(Stored data entries)
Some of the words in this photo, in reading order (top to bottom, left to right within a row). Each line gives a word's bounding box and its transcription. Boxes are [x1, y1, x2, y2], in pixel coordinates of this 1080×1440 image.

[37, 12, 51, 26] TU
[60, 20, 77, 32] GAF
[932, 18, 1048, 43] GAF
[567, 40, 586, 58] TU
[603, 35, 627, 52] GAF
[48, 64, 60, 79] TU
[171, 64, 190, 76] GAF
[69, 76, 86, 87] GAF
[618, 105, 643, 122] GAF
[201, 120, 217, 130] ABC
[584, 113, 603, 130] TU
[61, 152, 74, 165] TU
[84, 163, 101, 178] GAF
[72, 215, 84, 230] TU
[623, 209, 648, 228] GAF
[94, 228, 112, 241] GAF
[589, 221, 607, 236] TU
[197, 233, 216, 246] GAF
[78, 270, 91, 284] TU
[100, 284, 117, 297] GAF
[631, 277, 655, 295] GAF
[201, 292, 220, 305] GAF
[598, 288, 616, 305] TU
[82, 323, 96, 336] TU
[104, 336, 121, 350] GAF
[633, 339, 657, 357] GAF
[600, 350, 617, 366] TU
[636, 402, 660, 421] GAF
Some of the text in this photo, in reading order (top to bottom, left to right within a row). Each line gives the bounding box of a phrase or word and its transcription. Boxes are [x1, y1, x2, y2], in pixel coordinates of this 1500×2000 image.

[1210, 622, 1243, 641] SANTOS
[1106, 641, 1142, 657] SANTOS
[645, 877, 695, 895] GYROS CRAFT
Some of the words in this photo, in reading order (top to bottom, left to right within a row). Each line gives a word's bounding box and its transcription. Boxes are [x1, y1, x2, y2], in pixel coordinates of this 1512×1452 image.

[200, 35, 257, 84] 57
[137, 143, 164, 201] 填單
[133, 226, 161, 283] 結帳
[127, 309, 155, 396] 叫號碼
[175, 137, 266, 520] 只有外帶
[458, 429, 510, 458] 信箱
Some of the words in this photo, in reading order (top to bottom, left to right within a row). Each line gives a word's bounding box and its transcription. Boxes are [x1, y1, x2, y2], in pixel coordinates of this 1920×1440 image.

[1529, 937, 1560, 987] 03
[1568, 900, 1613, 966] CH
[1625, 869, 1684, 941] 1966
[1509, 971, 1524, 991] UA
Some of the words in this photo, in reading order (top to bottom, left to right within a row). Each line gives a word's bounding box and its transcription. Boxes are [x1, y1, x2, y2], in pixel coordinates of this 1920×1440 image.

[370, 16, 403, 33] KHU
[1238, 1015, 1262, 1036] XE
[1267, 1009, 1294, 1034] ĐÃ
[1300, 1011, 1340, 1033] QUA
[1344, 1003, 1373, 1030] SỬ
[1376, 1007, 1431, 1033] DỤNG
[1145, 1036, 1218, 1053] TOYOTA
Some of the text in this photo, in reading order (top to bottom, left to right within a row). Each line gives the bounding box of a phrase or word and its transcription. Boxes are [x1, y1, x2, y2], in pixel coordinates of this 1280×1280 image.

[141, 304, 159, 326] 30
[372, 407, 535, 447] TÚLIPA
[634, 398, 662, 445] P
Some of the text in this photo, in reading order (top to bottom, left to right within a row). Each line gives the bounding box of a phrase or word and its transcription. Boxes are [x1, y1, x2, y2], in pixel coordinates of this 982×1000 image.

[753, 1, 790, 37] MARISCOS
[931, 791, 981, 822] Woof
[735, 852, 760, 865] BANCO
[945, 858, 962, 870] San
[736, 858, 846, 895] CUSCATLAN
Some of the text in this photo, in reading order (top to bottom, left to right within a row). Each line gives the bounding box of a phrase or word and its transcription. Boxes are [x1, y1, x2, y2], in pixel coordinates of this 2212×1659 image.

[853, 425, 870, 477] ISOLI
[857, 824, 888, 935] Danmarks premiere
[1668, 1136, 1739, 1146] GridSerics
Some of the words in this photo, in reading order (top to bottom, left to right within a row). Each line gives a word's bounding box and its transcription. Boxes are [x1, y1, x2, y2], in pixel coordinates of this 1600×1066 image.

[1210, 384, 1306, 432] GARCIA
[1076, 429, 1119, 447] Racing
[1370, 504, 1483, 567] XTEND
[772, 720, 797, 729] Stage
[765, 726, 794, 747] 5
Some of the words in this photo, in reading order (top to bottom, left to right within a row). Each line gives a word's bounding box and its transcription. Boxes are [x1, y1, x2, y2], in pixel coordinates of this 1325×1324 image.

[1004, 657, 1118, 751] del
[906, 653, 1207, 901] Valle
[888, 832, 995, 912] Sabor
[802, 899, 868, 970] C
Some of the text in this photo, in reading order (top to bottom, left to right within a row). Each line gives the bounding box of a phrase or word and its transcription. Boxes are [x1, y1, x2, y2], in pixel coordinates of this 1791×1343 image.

## Brief
Each record must be returned in full and exactly.

## Answer space
Some of the words in this photo, in reading order (top to bottom, left to right within a row). Each line gives a word's bounding box and its transcription. Boxes are [x1, y1, x2, y2], in pixel coordinates of this 1080×1440 image.

[37, 12, 51, 26] TU
[60, 20, 77, 32] GAF
[932, 18, 1048, 43] GAF
[567, 40, 586, 58] TU
[603, 35, 627, 52] GAF
[48, 64, 60, 79] TU
[171, 64, 190, 76] GAF
[69, 76, 86, 87] GAF
[618, 105, 643, 122] GAF
[201, 120, 217, 130] ABC
[584, 113, 603, 130] TU
[61, 152, 74, 165] TU
[84, 163, 101, 178] GAF
[72, 215, 84, 230] TU
[623, 209, 648, 228] GAF
[94, 228, 112, 241] GAF
[589, 221, 607, 236] TU
[197, 233, 216, 246] GAF
[78, 270, 91, 284] TU
[100, 284, 117, 297] GAF
[631, 277, 655, 295] GAF
[201, 292, 220, 305] GAF
[598, 288, 616, 305] TU
[82, 323, 96, 336] TU
[104, 336, 121, 350] GAF
[633, 339, 657, 357] GAF
[600, 350, 617, 366] TU
[636, 402, 660, 421] GAF
Some of the text in this photo, in reading order (top to bottom, left to right within a row). Each line gives the bounding box of a phrase or word and its transcription. Boxes are [x1, y1, x2, y2], in pixel coordinates of this 1500×2000 image.

[1210, 622, 1243, 641] SANTOS
[1106, 641, 1142, 657] SANTOS
[645, 877, 695, 895] GYROS CRAFT
Some of the words in this photo, in reading order (top to bottom, left to right within a row). Each line gives a word's bounding box and its transcription. Boxes are [x1, y1, x2, y2], in pixel coordinates of this 1512×1452 image.

[200, 35, 257, 84] 57
[137, 143, 164, 201] 填單
[133, 226, 161, 283] 結帳
[127, 309, 155, 396] 叫號碼
[175, 137, 266, 520] 只有外帶
[458, 429, 510, 458] 信箱
Some of the words in this photo, in reading order (top to bottom, left to right within a row). Each line gives a word's bounding box and its transcription. Boxes are [x1, y1, x2, y2], in pixel coordinates of this 1920×1440 image.

[1529, 937, 1560, 987] 03
[1568, 900, 1613, 966] CH
[1625, 869, 1684, 941] 1966
[1509, 971, 1524, 991] UA
Some of the words in this photo, in reading order (top to bottom, left to right within a row). Each line gives a word's bounding box and its transcription. Boxes are [x1, y1, x2, y2], in pixel coordinates of this 1920×1440 image.

[370, 16, 403, 33] KHU
[1238, 1015, 1262, 1036] XE
[1267, 1009, 1294, 1034] ĐÃ
[1300, 1011, 1340, 1033] QUA
[1344, 1003, 1373, 1030] SỬ
[1376, 1007, 1431, 1033] DỤNG
[1145, 1036, 1218, 1053] TOYOTA
Some of the text in this photo, in reading order (top to bottom, left to right within a row). Each line gives the bounding box of a phrase or word and its transcription. Boxes are [x1, y1, x2, y2], in pixel coordinates of this 1280×1280 image.

[141, 304, 159, 326] 30
[372, 407, 535, 447] TÚLIPA
[634, 398, 662, 445] P
Some of the text in this photo, in reading order (top to bottom, left to right within a row). Each line gives the bounding box of a phrase or word and its transcription. Boxes are [x1, y1, x2, y2], in pixel coordinates of this 982×1000 image.

[753, 1, 790, 37] MARISCOS
[931, 791, 981, 822] Woof
[735, 852, 760, 865] BANCO
[945, 858, 962, 870] San
[736, 858, 846, 895] CUSCATLAN
Some of the text in this photo, in reading order (top to bottom, left to right within a row). Each line gives the bounding box of a phrase or word and its transcription. Boxes are [x1, y1, x2, y2], in pixel coordinates of this 2212×1659 image.

[853, 425, 870, 477] ISOLI
[857, 824, 888, 935] Danmarks premiere
[1668, 1136, 1739, 1146] GridSerics
Some of the words in this photo, in reading order (top to bottom, left to right within a row). Each line gives a word's bounding box and its transcription. Boxes are [x1, y1, x2, y2], in pixel coordinates of this 1600×1066 image.

[1210, 384, 1306, 432] GARCIA
[1076, 429, 1119, 447] Racing
[1370, 504, 1483, 567] XTEND
[772, 720, 797, 729] Stage
[765, 726, 794, 747] 5
Some of the words in this photo, in reading order (top to bottom, left to right within a row). Each line gives a word's bounding box and its transcription. Boxes are [x1, y1, x2, y2], in pixel coordinates of this 1325×1324 image.

[1004, 657, 1118, 751] del
[906, 653, 1207, 901] Valle
[888, 832, 995, 912] Sabor
[802, 899, 868, 970] C
Some of the text in this photo, in reading order (top to bottom, left to right within a row). Each line gives the bounding box of a phrase or word and its transcription. Boxes are [x1, y1, x2, y2], in pixel coordinates of this 1791×1343 image.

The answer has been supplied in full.